Adding fuel to the fire between StreamCast and Sharman is a recent software release from StreamCast, Morpheus 4.0, which promises to allow users to search all the major file-sharing networks, including Kazaa and Grokster, which use the FastTrack network.
StreamCast is planning to use the new release to rebuild its user base and unseat Kazaa as the number one P-to-P network, Weiss said.
Sharman considers the new version of Morpheus an "illegal, hacked version of a FastTrack application" and is looking into options to address the problem, including legal and technical options, Hadley said.

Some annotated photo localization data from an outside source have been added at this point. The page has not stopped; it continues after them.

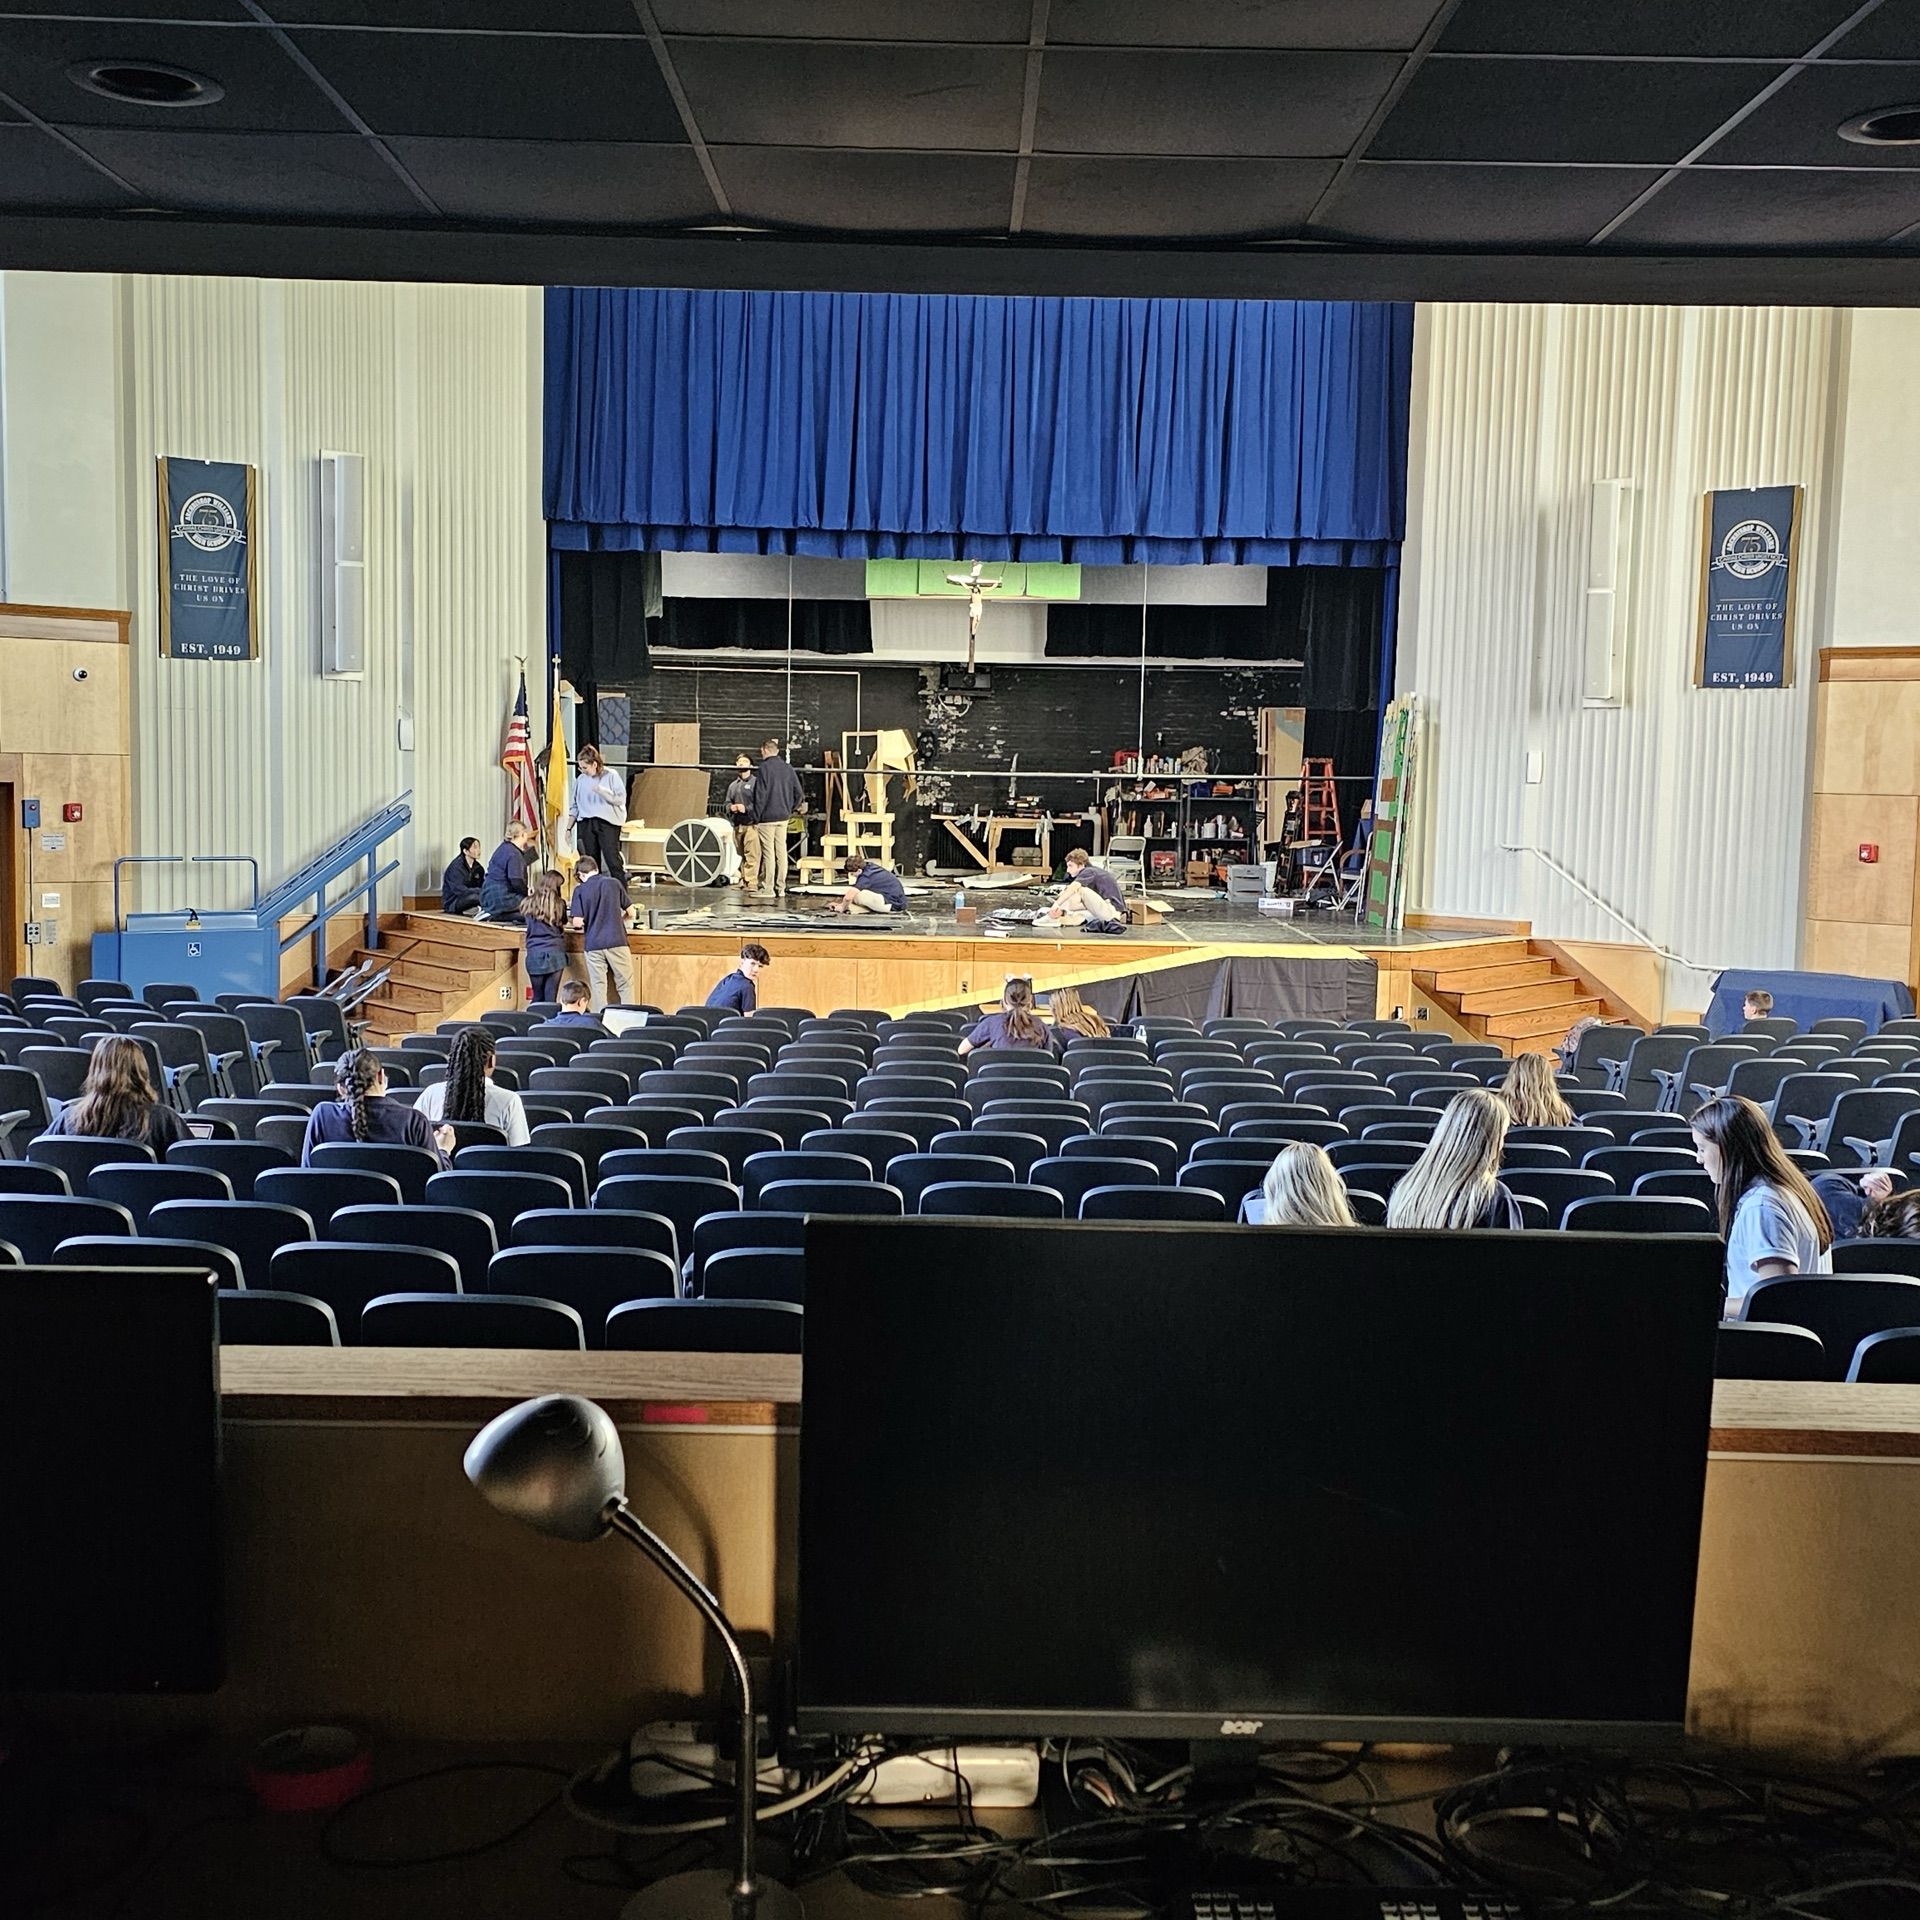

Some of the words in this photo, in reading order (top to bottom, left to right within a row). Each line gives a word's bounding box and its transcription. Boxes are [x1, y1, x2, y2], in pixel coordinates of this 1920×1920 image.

[199, 508, 220, 526] 75
[1740, 536, 1761, 553] 75
[179, 573, 198, 582] THE
[201, 575, 226, 584] LOVE
[174, 583, 209, 593] CHRIST
[212, 585, 245, 594] DRIVES
[196, 594, 209, 602] US
[211, 595, 224, 603] ON
[1715, 604, 1734, 612] THE
[1737, 603, 1763, 611] LOVE
[1765, 602, 1778, 610] OF
[1710, 613, 1745, 621] CHRIST
[1748, 612, 1783, 620] DRIVES
[1731, 622, 1743, 631] US
[1746, 622, 1760, 630] ON
[181, 643, 208, 655] EST.
[212, 644, 241, 655] 1949
[1712, 672, 1740, 683] EST.
[1744, 672, 1774, 683] 1949
[1220, 1720, 1264, 1735] acer
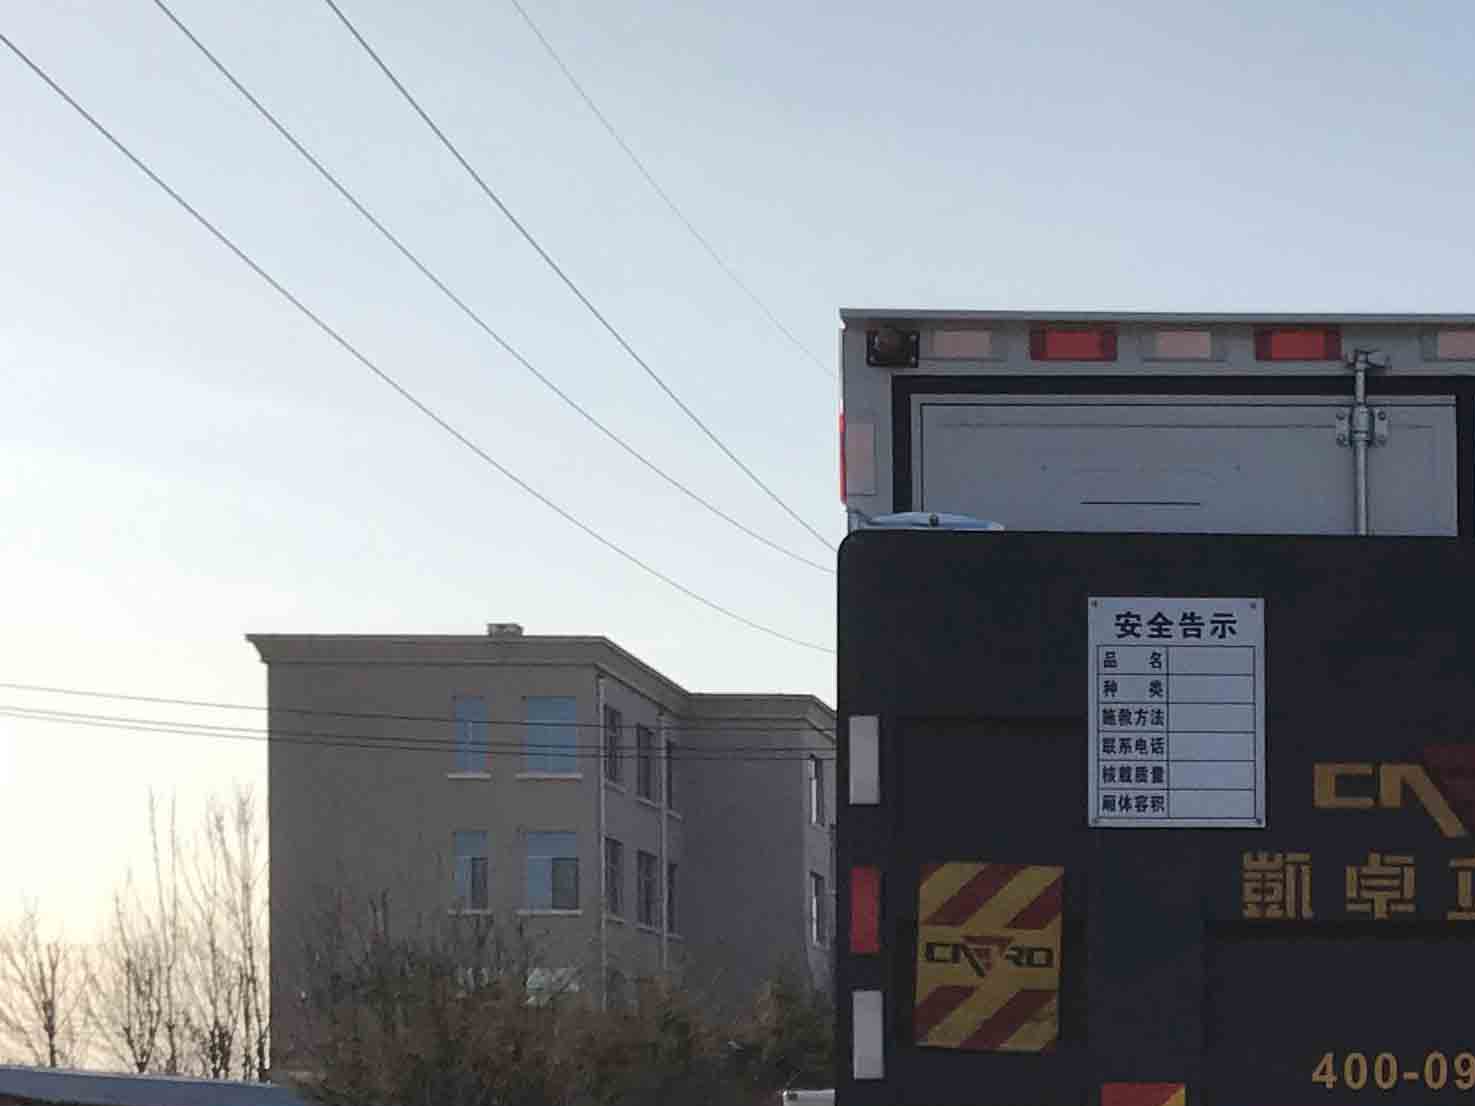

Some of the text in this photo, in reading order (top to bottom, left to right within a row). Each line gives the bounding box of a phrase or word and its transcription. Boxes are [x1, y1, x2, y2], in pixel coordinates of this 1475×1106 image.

[1114, 610, 1238, 640] 安全告示
[1101, 737, 1165, 756] 联系电话
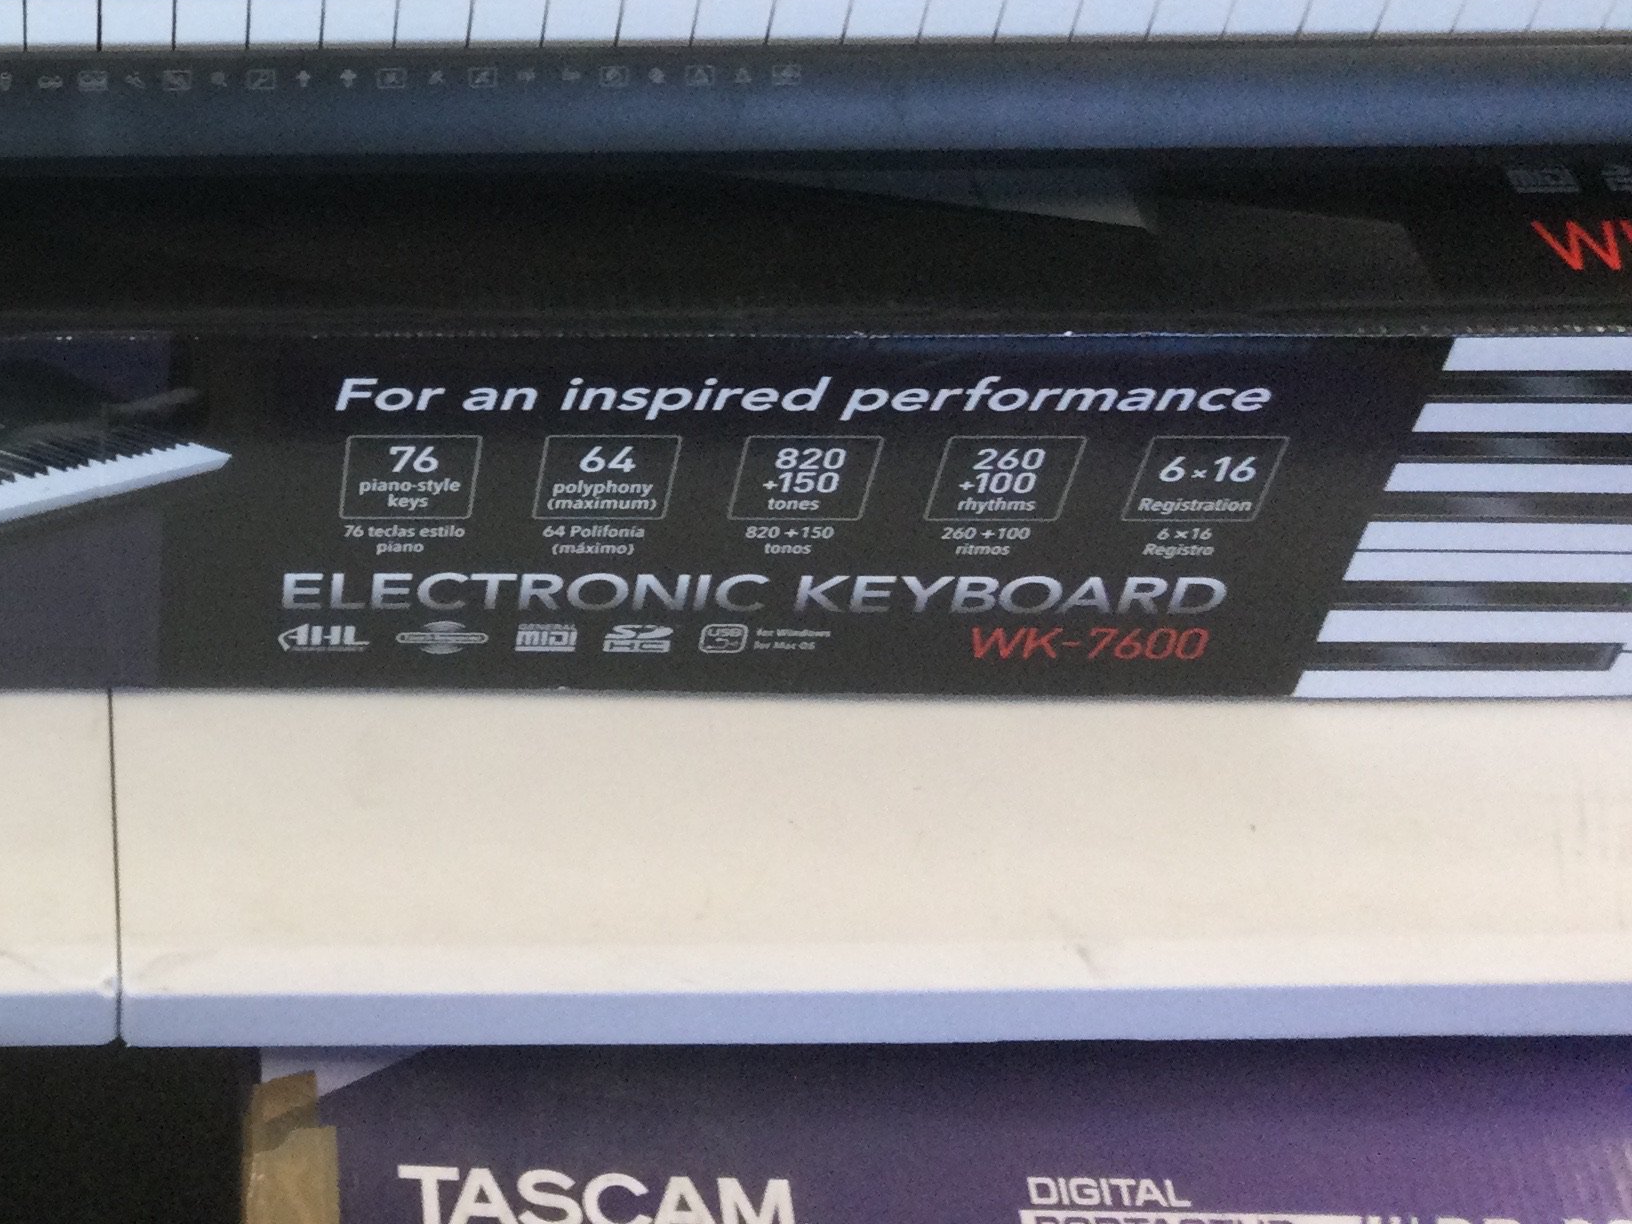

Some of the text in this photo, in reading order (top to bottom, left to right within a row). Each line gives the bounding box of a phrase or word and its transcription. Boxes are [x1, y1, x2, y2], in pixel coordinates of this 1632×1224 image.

The courtroom battles with the entertainment industry and internecine struggles between P-to-P software companies makes for interesting drama, but also distracts attention from what many agree is a promising and legitimate content distribution technology, said Mike McGuire, an analyst at Gartner Inc.
Regardless of the outcome of court battles in the U.S. and elsewhere, companies that want to launch legitimate P-to-P networks will have to find ways to make money from customers who are accustomed to receiving content for free, he said.
While P-to-P networks that offer illegal wares will probably persist in loosely regulated parts of the world, companies in developed markets that want to tap the potential of P-to-P networks, for example with online music stores, will have to retain the main attractions of the current networks -- their huge stores of data and wide distribution. However, they will have to find reasons for customers to pay for what they can get free elsewhere, McGuire said.
Files that are certified to be of a certain quality and free of adware, Trojan horse programs and other malicious code may be enough to convince users to pry open their wallet and pay for P-to-P content, he said.